(Beginning of ENTRIES SUPPLIED)

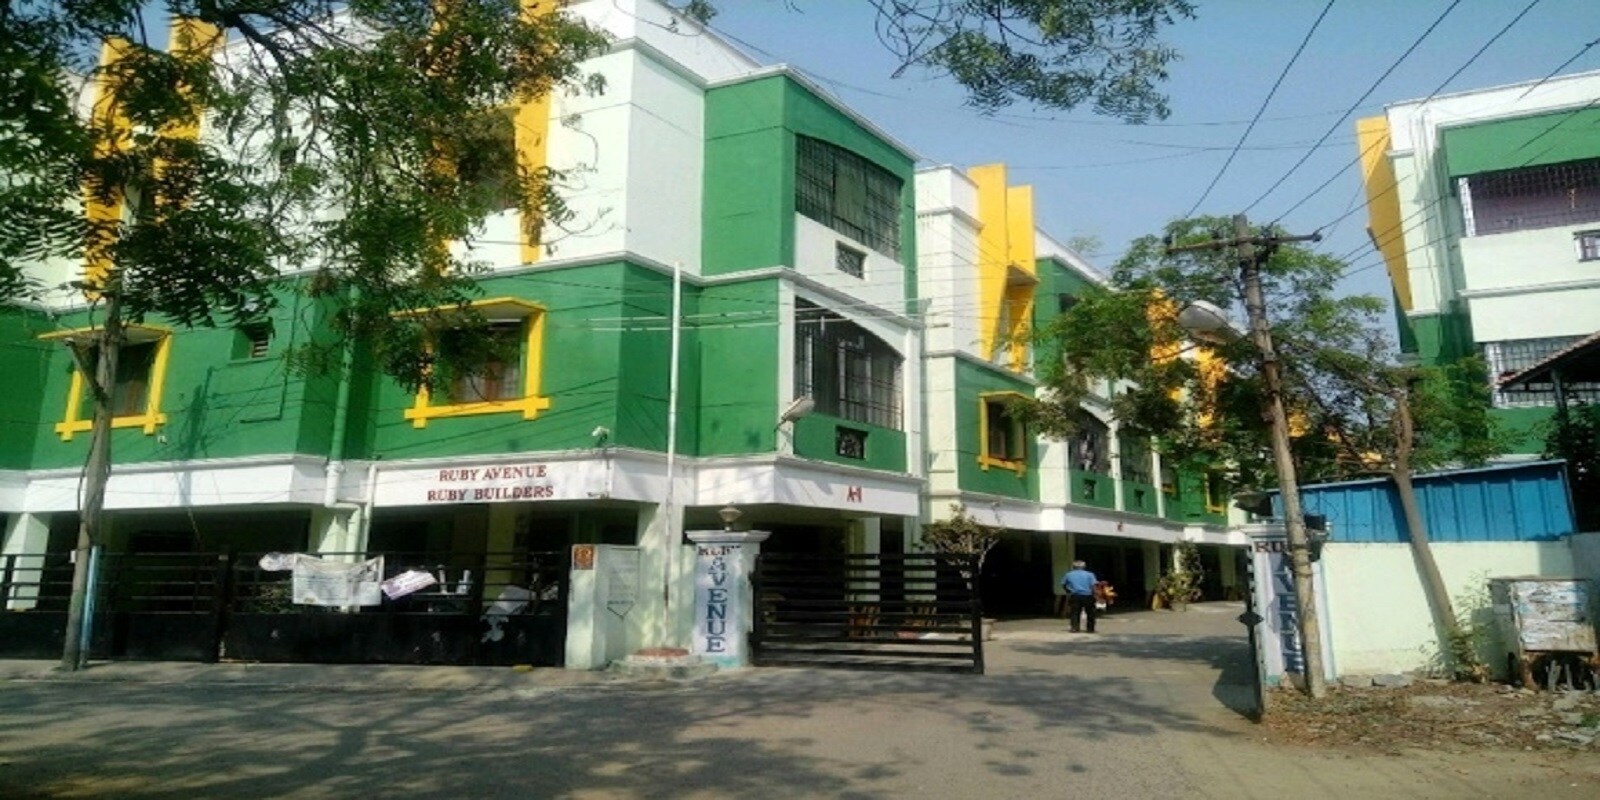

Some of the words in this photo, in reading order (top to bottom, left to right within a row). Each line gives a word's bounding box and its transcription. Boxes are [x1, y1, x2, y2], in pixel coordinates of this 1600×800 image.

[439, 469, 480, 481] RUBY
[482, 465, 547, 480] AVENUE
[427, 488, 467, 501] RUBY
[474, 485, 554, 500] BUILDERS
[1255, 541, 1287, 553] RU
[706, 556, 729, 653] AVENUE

(End of ENTRIES SUPPLIED)

TASK GOAL> Transcribe the listing above verbatim. Omit the pictures.

TASK SOLUTION>
Some of the words in this photo, in reading order (top to bottom, left to right within a row). Each line gives a word's bounding box and its transcription. Boxes are [x1, y1, x2, y2], in pixel coordinates of this 1600×800 image.

[439, 469, 480, 481] RUBY
[482, 465, 547, 480] AVENUE
[427, 488, 467, 501] RUBY
[474, 485, 554, 500] BUILDERS
[1255, 541, 1287, 553] RU
[706, 556, 729, 653] AVENUE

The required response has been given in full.